Originally published in New York Law Journal, , June, 2007

Manufacturers in products liability litigation have traditionally been held to a strict standard with respect to the duty to warn users of hazards associated with their products.

Under New York State Law, a manufacturer has historically been under a duty to warn of known hazards associated with the use of products without significant limitations.

However, a recent decision from the Supreme Court, Cattaraugus County, has applied the "sophisticated user" doctrine to limit the liability of manufacturers in cases where the ultimate user of the product possesses sufficient knowledge of the product so as to be aware of the hazard as a matter of law.

The "sophisticated user" doctrine is entrenched in federal case law, and the Rickicki Rickicki v. Borden Chemicals (53395, Decided Jan. 11, 2007, Supreme Court) decision may represent a willingness to incorporate it into New York State law.

On that date, in Buffalo, 16 years of silica litigation came to a close in a New York case and a companion case when a justice granted the defendants' motions for summary judgment, finding that the plaintiffs' employer was better positioned than they were to warn them about the hazards of silica exposure (David P. Rickicki and Patricia Rickicki v. Borden Chemical, et al., No. 53395; Michael C. Crowley and Sharon M. Crowley v. C-E Minerals, Inc., et al., No. 61024, N.Y. Sup., Cattaraugus Co.)

Origins of the Doctrine

The sophisticated user doctrine was highlighted in a 1988 article in the Virginia Law Review, which concluded that a manufacturer should be deemed to have fulfilled its obligation to warn by ensuring that the next entity in the chain of distribution knows or should know of a potential hazard associated with the use of a product. See "Failure to Warn and the Sophisticated User Defense," 74 Va. L. Rev. 579 (April 1988).

The rationale behind the concept is that product manufacturers are not typically in the best position to warn the ultimate user of potential hazards. Thus, according to the article, the responsibility to warn of hazards should flow down the chain of distribution to the retailer of the product or, depending on his level of knowledge and training, the user of the product.

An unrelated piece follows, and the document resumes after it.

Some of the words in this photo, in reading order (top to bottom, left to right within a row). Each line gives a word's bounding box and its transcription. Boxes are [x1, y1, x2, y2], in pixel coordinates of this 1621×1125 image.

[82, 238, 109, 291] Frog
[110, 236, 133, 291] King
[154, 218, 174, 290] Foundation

Several Federal Court opinions recognized the sophisticated user doctrine as a viable defense for product manufacturers as early as the 1990s, but New York State courts have historically been reluctant to extend the defense beyond the area of suits involving prescription drugs or medical devices.

The 'Rickicki' Opinion

However, the opinion in Rickicki v. Borden Chemicals, may signal the beginning of state acceptance of the sophisticated user doctrine.

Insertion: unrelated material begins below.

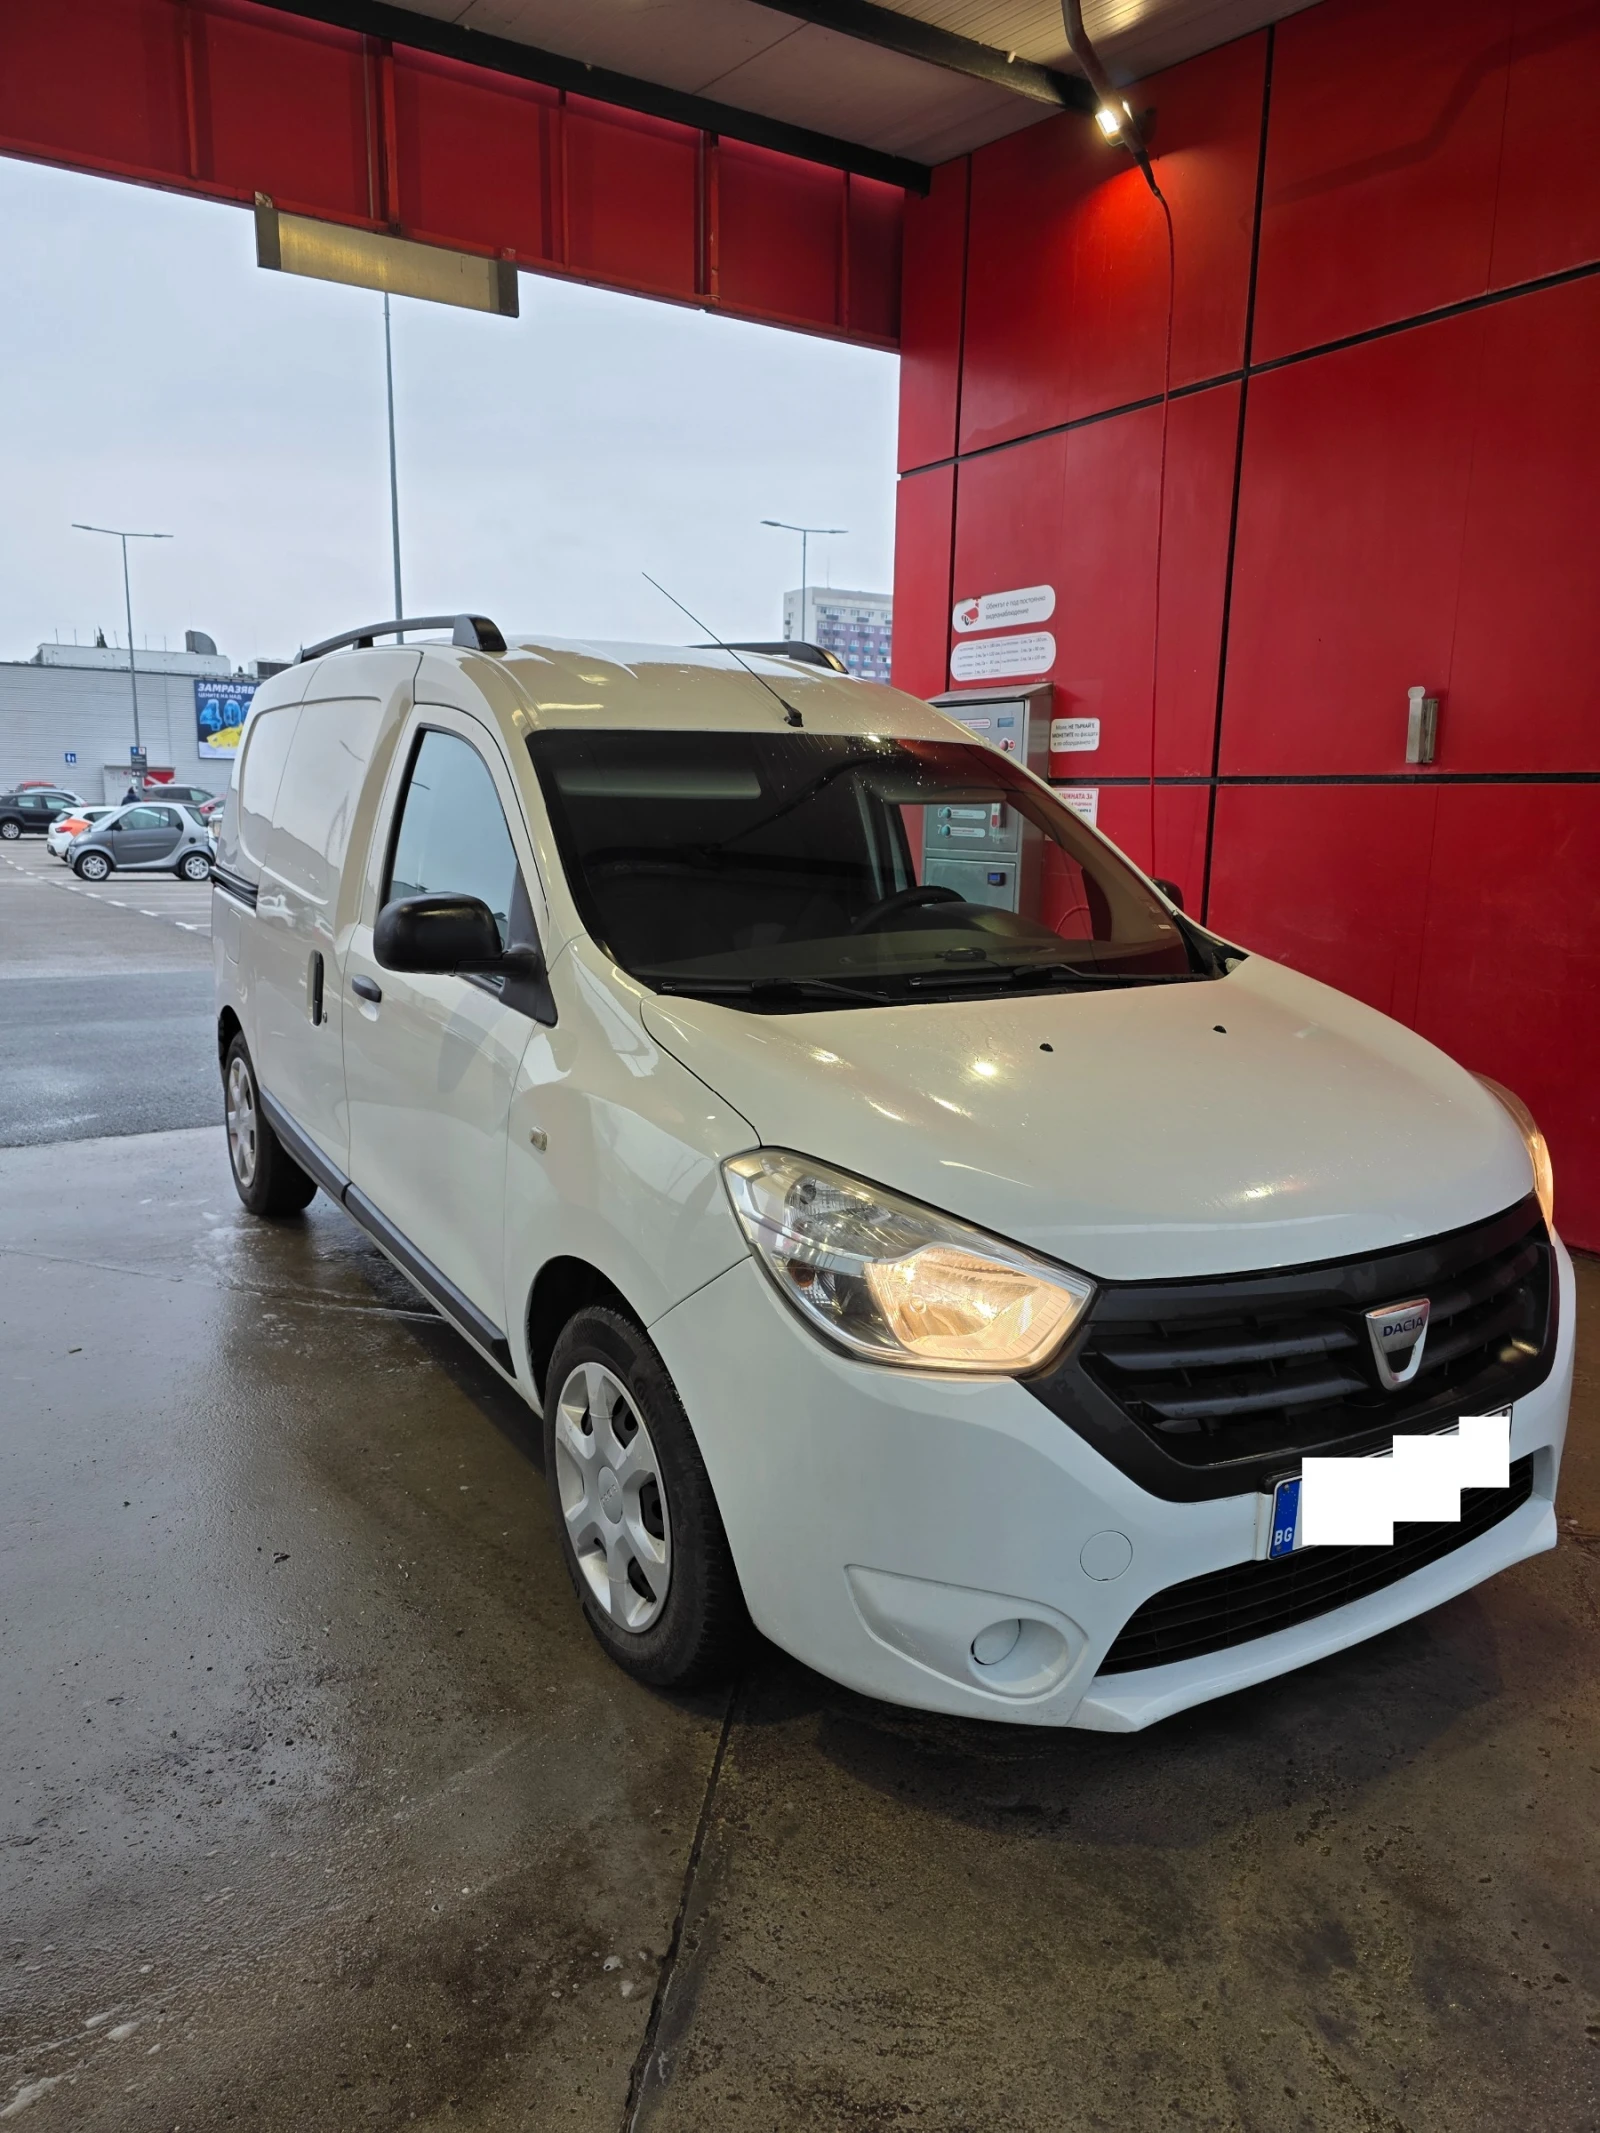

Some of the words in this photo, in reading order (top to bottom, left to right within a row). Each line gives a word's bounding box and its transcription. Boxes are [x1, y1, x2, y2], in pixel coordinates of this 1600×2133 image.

[937, 825, 942, 834] 7
[1383, 1317, 1424, 1337] DACIA
[1274, 1526, 1293, 1546] BG

The plaintiff, David Rickicki, claimed that he was exposed to silica dust during the course of his employment as a casting molder, and developed silicosis as a result. He brought suit against various defendants that he believed to have supplied his employer with silica.

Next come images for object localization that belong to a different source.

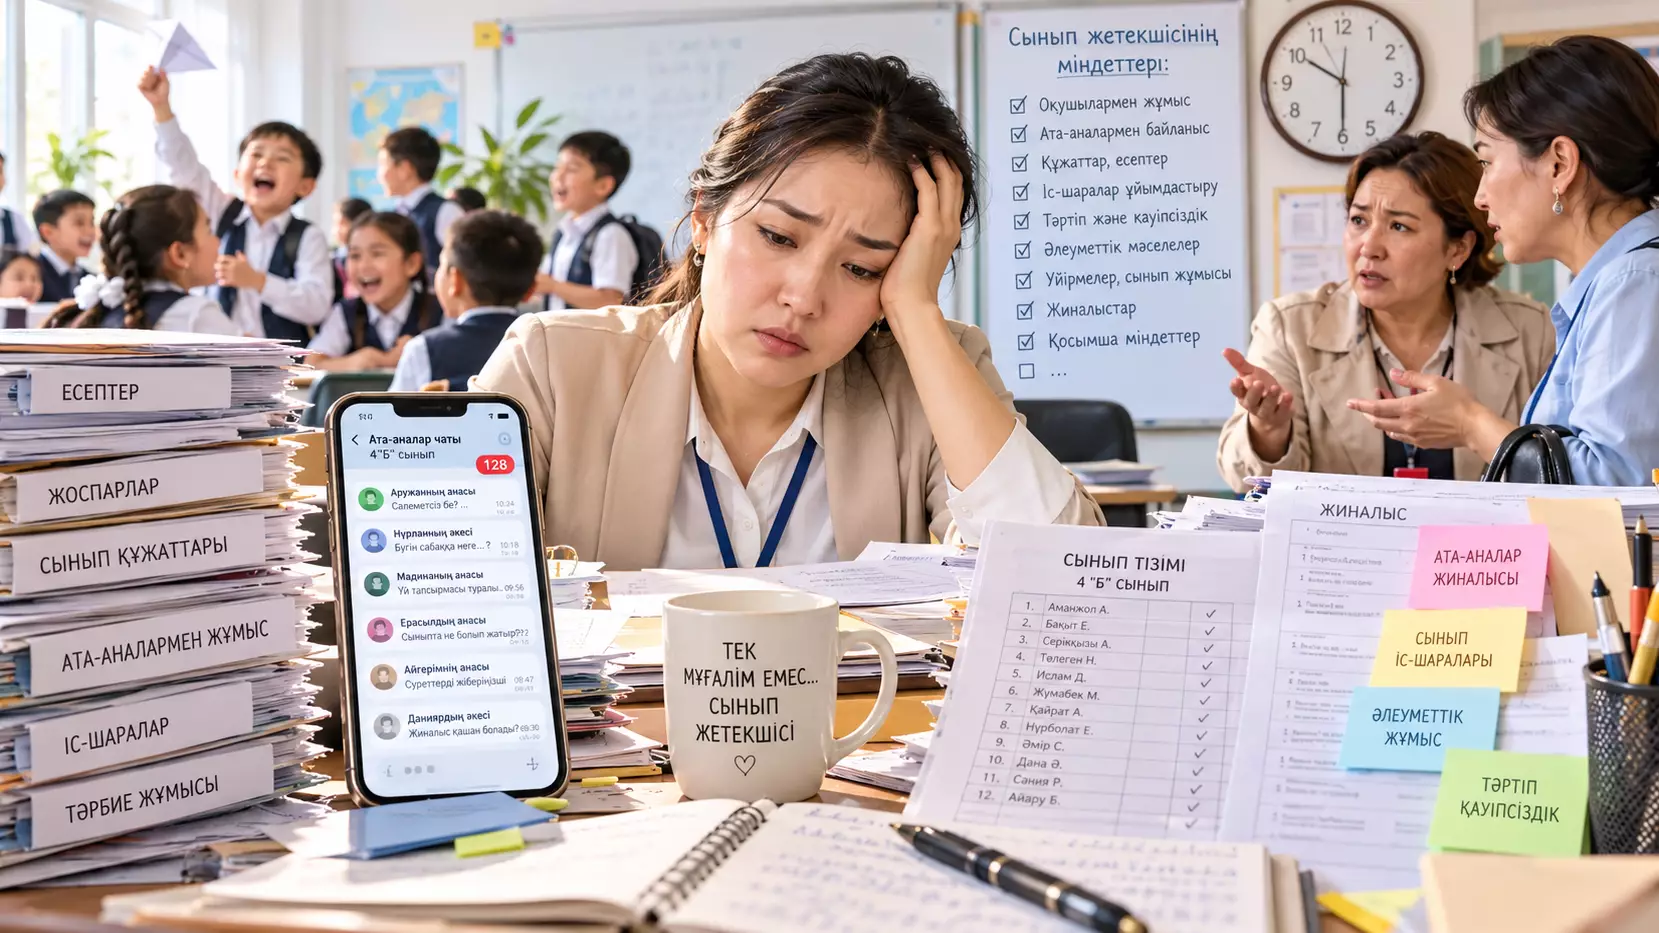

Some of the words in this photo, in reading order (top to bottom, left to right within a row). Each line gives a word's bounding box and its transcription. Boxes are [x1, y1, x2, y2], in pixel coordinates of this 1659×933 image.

[1008, 26, 1077, 46] Сынып
[1087, 23, 1219, 46] жетекшісінің
[1309, 27, 1323, 43] 11
[1334, 18, 1352, 35] 12
[1367, 26, 1374, 42] 1
[1289, 47, 1306, 64] 10
[1385, 44, 1396, 61] 2
[1057, 54, 1169, 78] міндеттері:
[1281, 75, 1293, 91] 9
[1393, 72, 1404, 89] 3
[1038, 97, 1138, 115] Оқушылармен
[1143, 95, 1191, 112] жұмыс
[1289, 102, 1301, 118] 8
[1384, 100, 1396, 116] 4
[1039, 124, 1140, 142] Ата-аналармен
[1146, 121, 1210, 137] байланыс
[1311, 121, 1322, 137] 7
[1337, 128, 1349, 144] 6
[1365, 120, 1376, 137] 5
[1041, 154, 1110, 173] Құжаттар,
[1115, 153, 1169, 170] есептер
[1125, 180, 1219, 200] ұйымдастыру
[1043, 211, 1086, 231] Тәртіп
[1093, 213, 1127, 226] және
[1044, 239, 1122, 260] Әлеуметтік
[1128, 240, 1200, 256] мәселелер
[1124, 270, 1169, 284] сынып
[1174, 268, 1232, 286] жұмысы
[1046, 301, 1137, 320] Жиналыстар
[1048, 332, 1119, 352] Қосымша
[1125, 329, 1201, 349] міндеттер
[61, 383, 140, 401] ЕСЕПТЕР
[369, 434, 432, 446] Ата-аналар
[434, 434, 461, 445] чаты
[398, 450, 435, 460] сынып
[483, 459, 508, 471] 128
[48, 477, 160, 506] ЖОСПАРЛАР
[390, 487, 446, 499] Аружанның
[447, 487, 476, 497] анасы
[443, 500, 459, 510] бе?
[1319, 502, 1408, 522] ЖИНАЛЫС
[39, 549, 111, 575] СЫНЫП
[117, 535, 229, 569] ҚҰЖАТТАРЫ
[1063, 552, 1129, 571] СЫНЫП
[1134, 554, 1186, 572] ТІЗІМІ
[1433, 548, 1522, 565] АТА-АНАЛАР
[396, 571, 454, 583] Мадинаның
[455, 570, 484, 580] анасы
[1076, 576, 1086, 588] 4
[1433, 571, 1519, 587] ЖИНАЛЫСЫ
[411, 584, 466, 597] тапсырмасы
[400, 617, 456, 629] Ерасылдың
[457, 616, 487, 626] анасы
[1045, 619, 1078, 631] Бақыт
[401, 632, 443, 643] Сыныпта
[444, 631, 455, 641] не
[1415, 630, 1468, 646] СЫНЫП
[61, 629, 203, 673] АТА-АНАЛАРМЕН
[207, 619, 270, 648] ЖҰМЫС
[722, 642, 757, 660] ТЕК
[404, 662, 459, 675] Айгерімнің
[459, 662, 490, 673] анасы
[1036, 669, 1073, 682] Ислам
[404, 678, 455, 690] Суреттерді
[763, 667, 819, 688] ЕМЕС...
[709, 696, 779, 715] СЫНЫП
[407, 712, 465, 726] Даниярдың
[466, 710, 491, 721] әкесі
[1371, 707, 1464, 725] ӘЛЕУМЕТТІК
[64, 716, 170, 755] ІС-ШАРАЛАР
[409, 727, 451, 740] Жиналыс
[452, 726, 481, 738] қашан
[1384, 731, 1442, 748] ЖҰМЫС
[1016, 755, 1048, 770] Дана
[1482, 776, 1538, 796] ТӘРТІП
[65, 792, 133, 824] ТӘРБИЕ
[139, 774, 220, 810] ЖҰМЫСЫ

The evidence showed that dangers associated with silica dust were known to plaintiff's employer during the course of his employment. Representatives of plaintiff's employer testified during discovery that they received extensive training on the dangers of silica dust. Additionally, various supervisors and managers confronted plaintiff for failing to wear a proper mask or respirator during times of exposure to silica dust.

The court, in dismissing plaintiff's action against the manufacturing defendants, noted that a manufacturer is rarely well-equipped to warn eventual users of known hazards associated with its product. Citing the article from the Virginia Law Review, the court concluded that "generally, a manufacturer fulfills its obligation to warn by ensuring that the next purchaser in line knows or should know of potential dangers associated with the product" and held that since plaintiff's employer was well aware of the dangers associated with the defendants' product, the legal responsibility to warn the plaintiff of these dangers should rest with the employer. The duty to warn was thus satisfied in the case by instructing plaintiff's employer of the potential hazards associated with silica dust.

Future of the Doctrine

The Rickicki opinion clearly signals a willingness to afford greater protection to a larger class of product manufacturers. The opinion recognizes the complexity of the marketplace, particularly in terms of product manufacturing and distribution. The opinion is also significant in that New York law on the issue of a manufacturer's duty to warn is beginning to progress to the federal standard thus providing a more uniform duty to work under both federal and New York state law.

In light of the shift in the duty to warn under New York law set forth in the Rickicki opinion, a product manufacturer will have the freedom to assess the nature of the consumers of its particular product when determining which hazards require a warning and which warnings are rendered unnecessary. Additionally, defendants in products liability actions will have a greater ability to avoid liability to remote and even unforeseen plaintiffs by virtue of their reluctance to warn of dangers and hazards that are well-known to parties that are lower on the chain of distribution. Individuals that are injured by hazardous products will also be required to be guided in their election of remedies and the parties that are named as defendants in products actions, as the sophisticated user doctrine may signify a more limited pool of resources from which to recover.

Conclusion

Overall, it is clear that the apportionment of responsibility, and thereby liability to injured parties, will be substantially altered by the availability of the sophisticated user defense, and both the plaintiff and defense bar should be mindful of this potential shift.

The content of this article is intended to provide a general guide to the subject matter. Specialist advice should be sought about your specific circumstances.